** Data for processing follows **
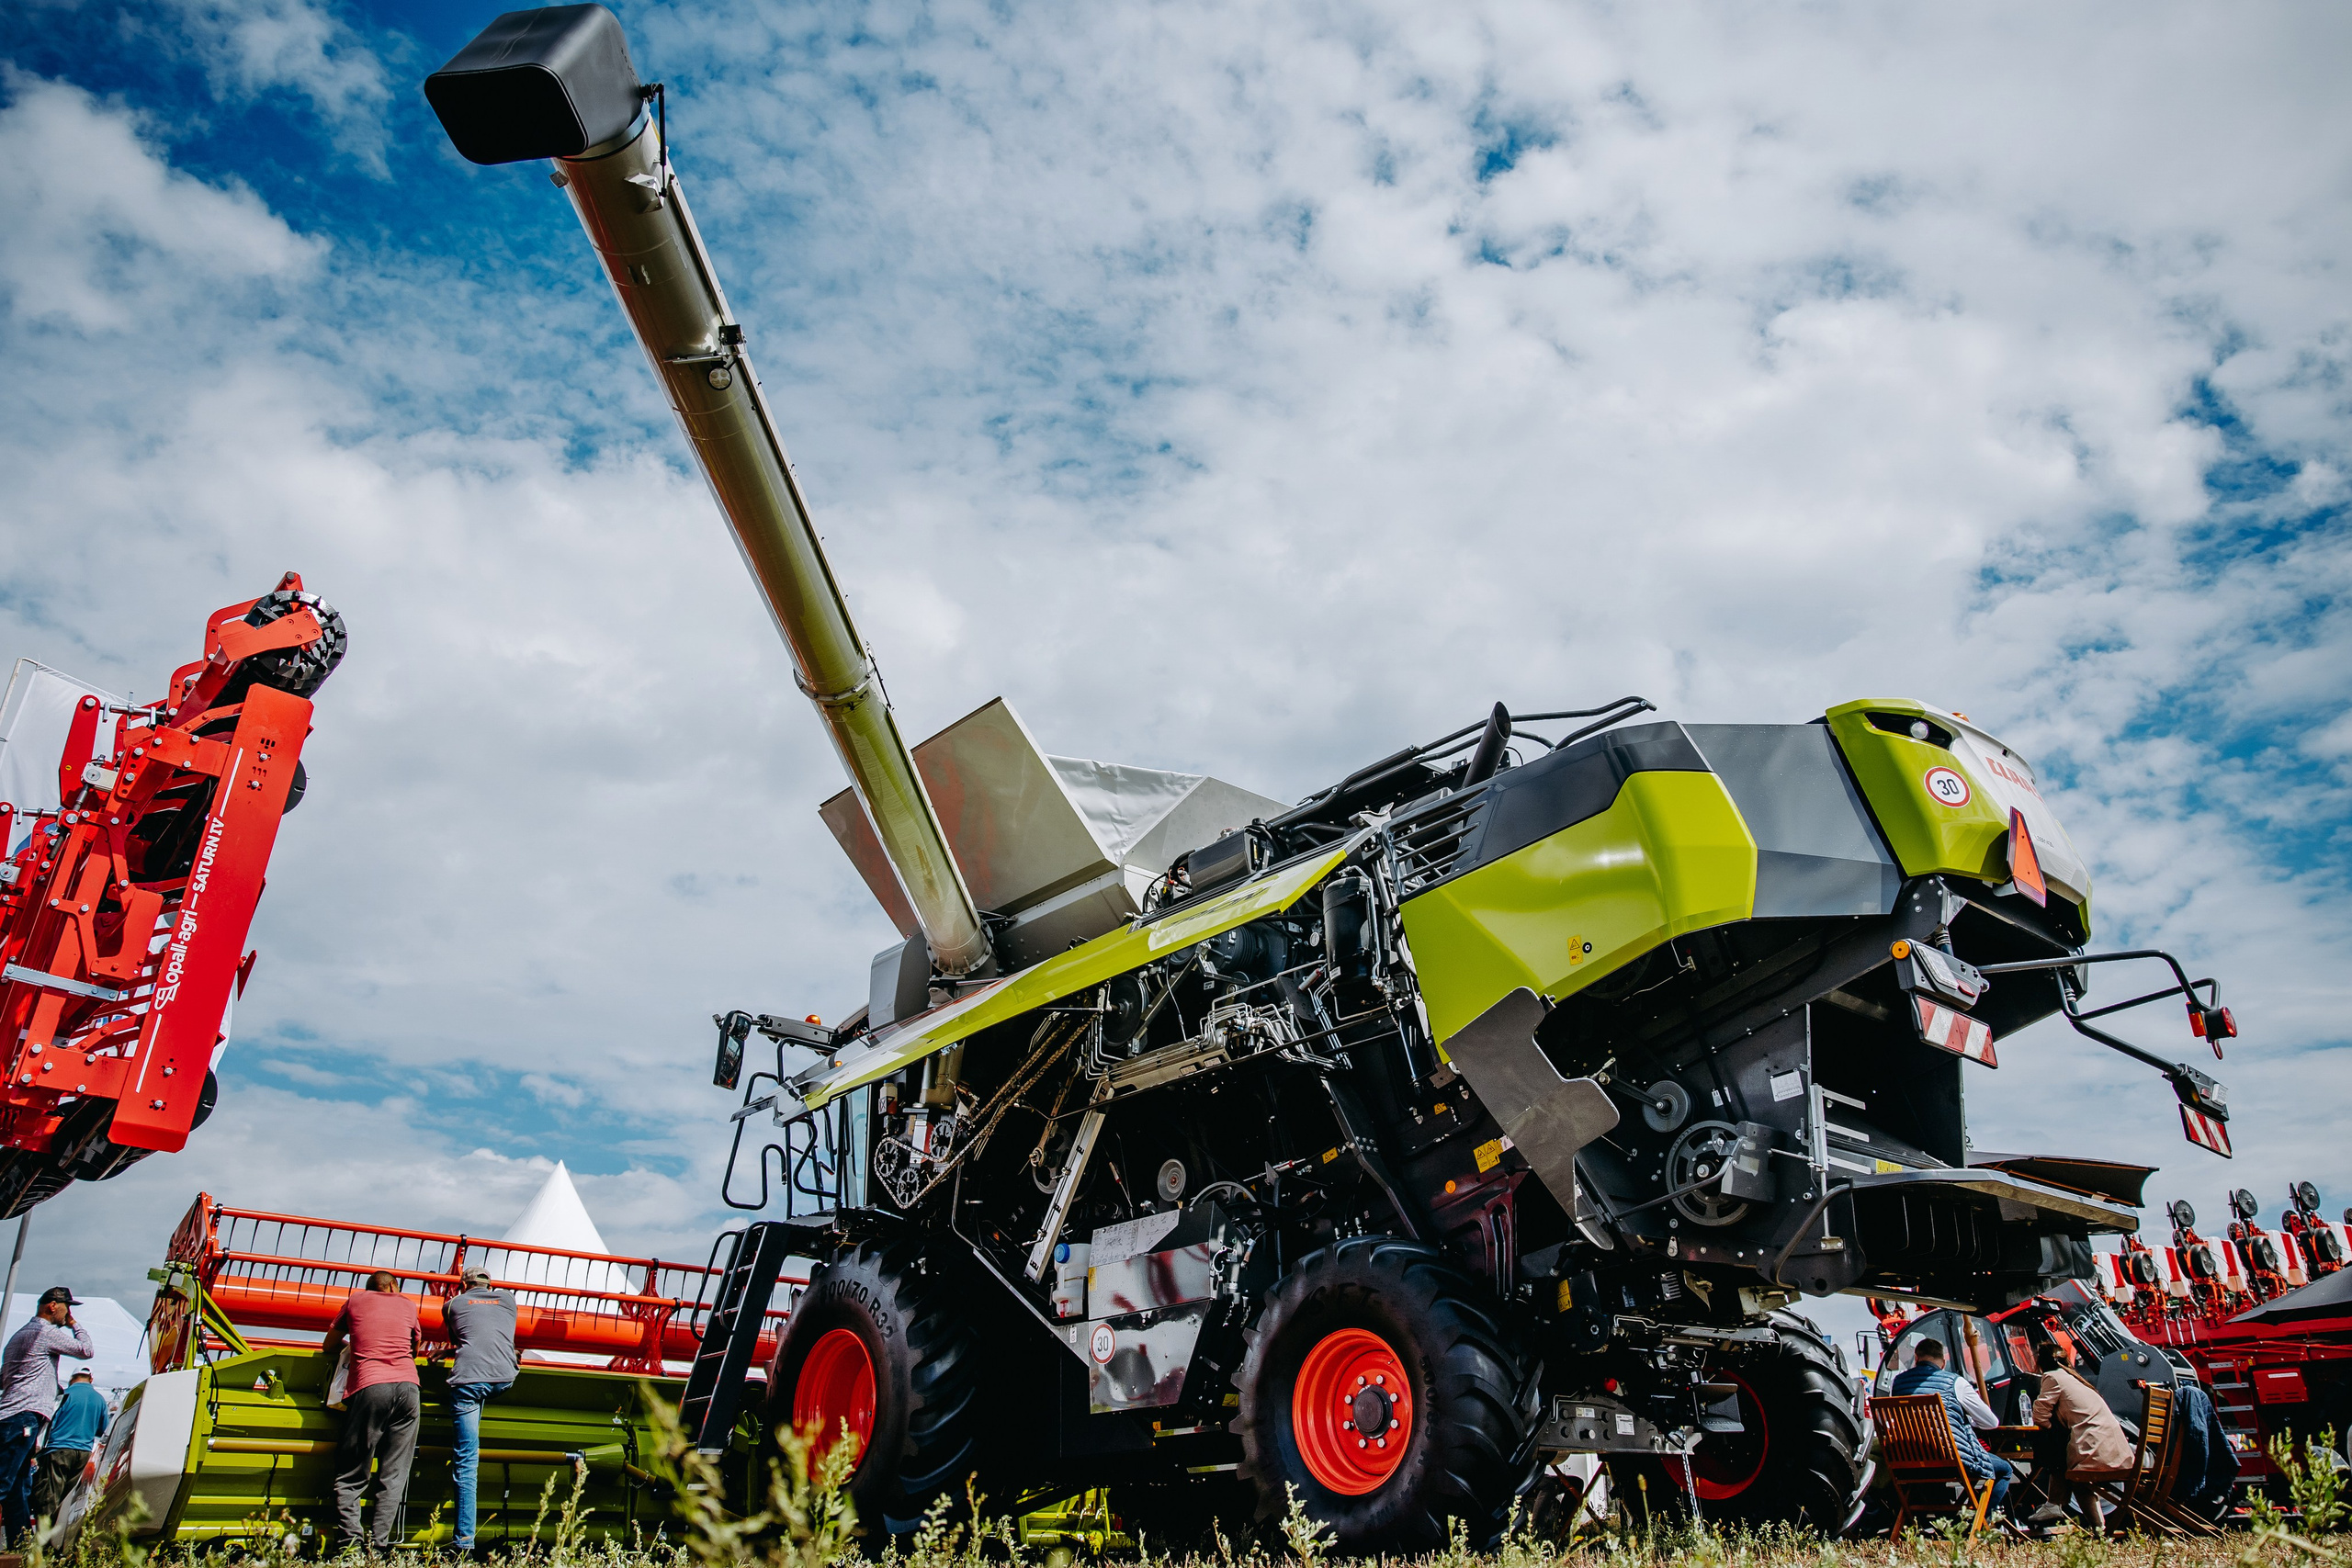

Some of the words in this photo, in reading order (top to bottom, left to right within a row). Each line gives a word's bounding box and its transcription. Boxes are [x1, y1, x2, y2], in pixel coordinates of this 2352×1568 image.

[1937, 778, 1960, 795] 30
[192, 837, 220, 894] SATURN
[209, 817, 225, 837] IV
[1097, 1336, 1108, 1352] 30
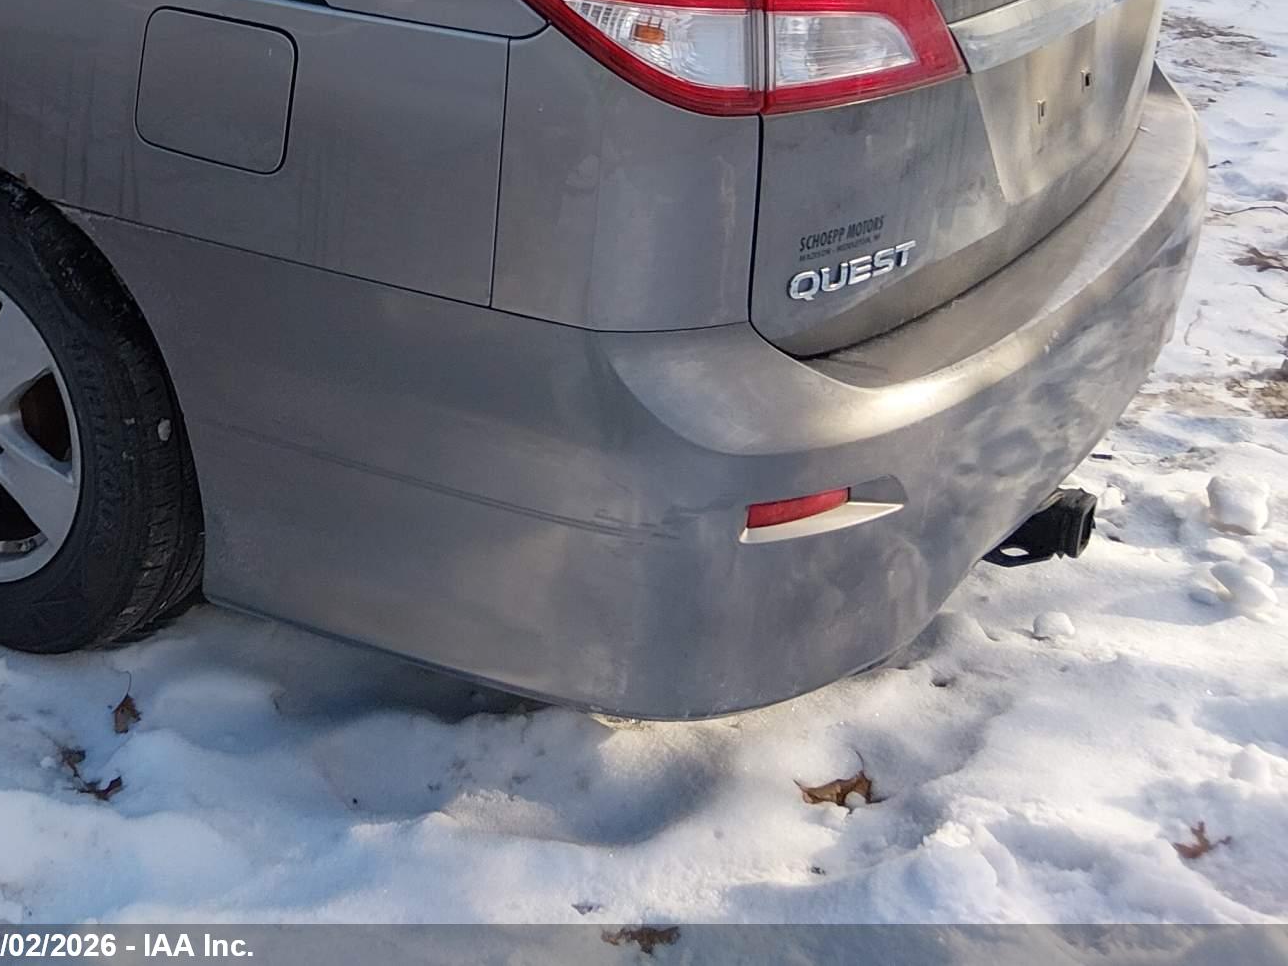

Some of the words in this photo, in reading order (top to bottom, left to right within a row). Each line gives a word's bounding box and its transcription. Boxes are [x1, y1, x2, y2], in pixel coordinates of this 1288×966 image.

[798, 226, 846, 253] SCHOEPP
[845, 214, 885, 240] MOTORS
[788, 239, 917, 302] QUEST
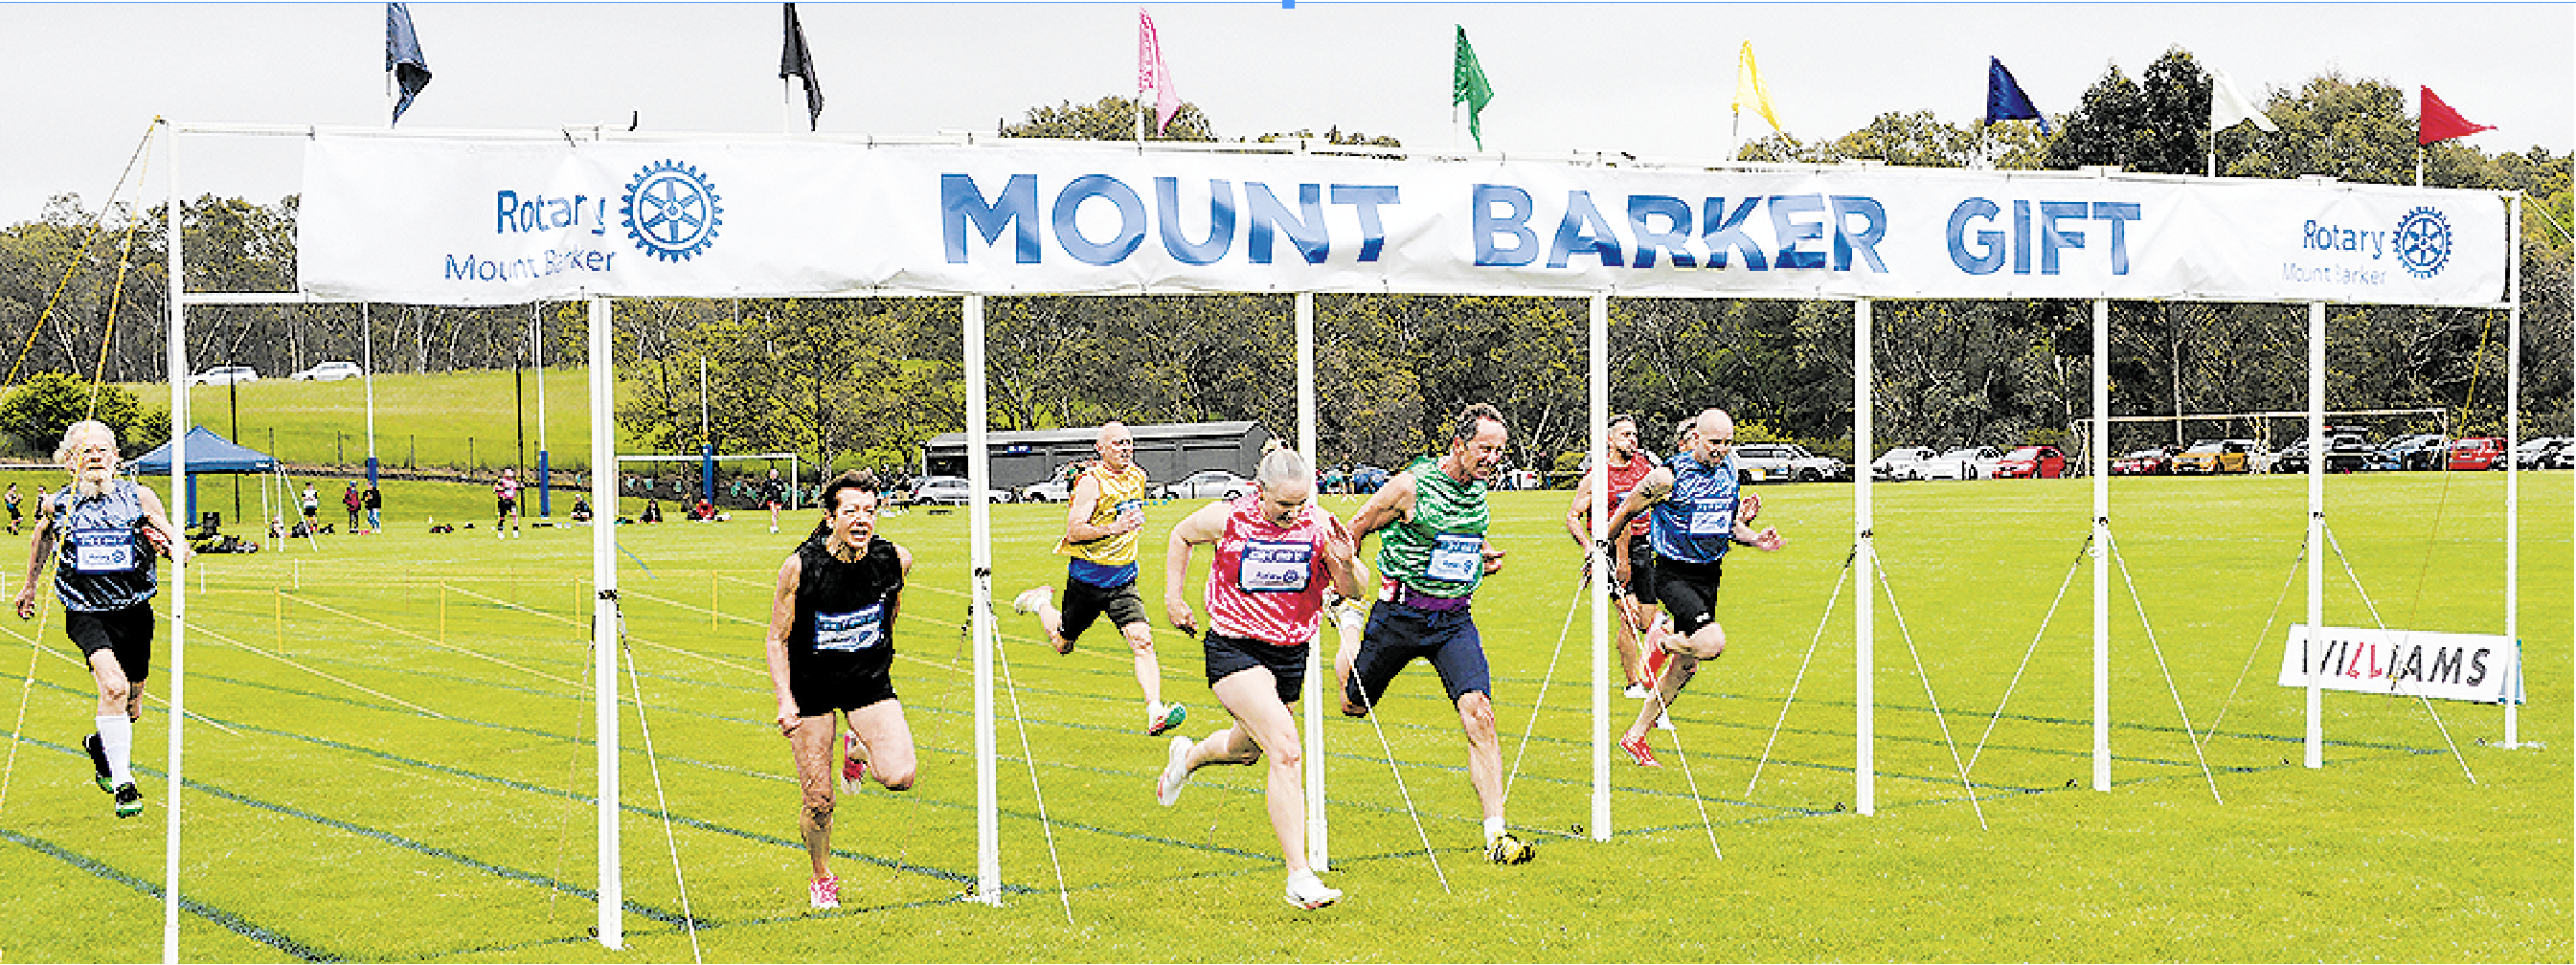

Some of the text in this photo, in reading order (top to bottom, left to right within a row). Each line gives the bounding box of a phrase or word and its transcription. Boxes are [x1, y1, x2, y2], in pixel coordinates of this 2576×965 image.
** End of Data for processing **
▸ Exercise: Leave the pictures out and return the rest of the listing exactly.

▸ Answer to this exercise:
Some of the words in this photo, in reading order (top to bottom, left to right within a row). Each line gives a word's bounding box and its transcription. Boxes are [x1, y1, x2, y2], in pixel coordinates of this 2352×1568 image.

[1937, 778, 1960, 795] 30
[192, 837, 220, 894] SATURN
[209, 817, 225, 837] IV
[1097, 1336, 1108, 1352] 30

Some of the words in this photo, in reading order (top to bottom, left to right within a row). Each line gives a word's bounding box and its transcription. Boxes are [x1, y1, x2, y2], in pixel coordinates of this 1288×966 image.

[798, 226, 846, 253] SCHOEPP
[845, 214, 885, 240] MOTORS
[788, 239, 917, 302] QUEST

Some of the text in this photo, in reading order (top to bottom, left to right within a row). Each line gives the bounding box of a phrase or word and its transcription. Boxes are [x1, y1, x2, y2], in pixel coordinates of this 2576×965 image.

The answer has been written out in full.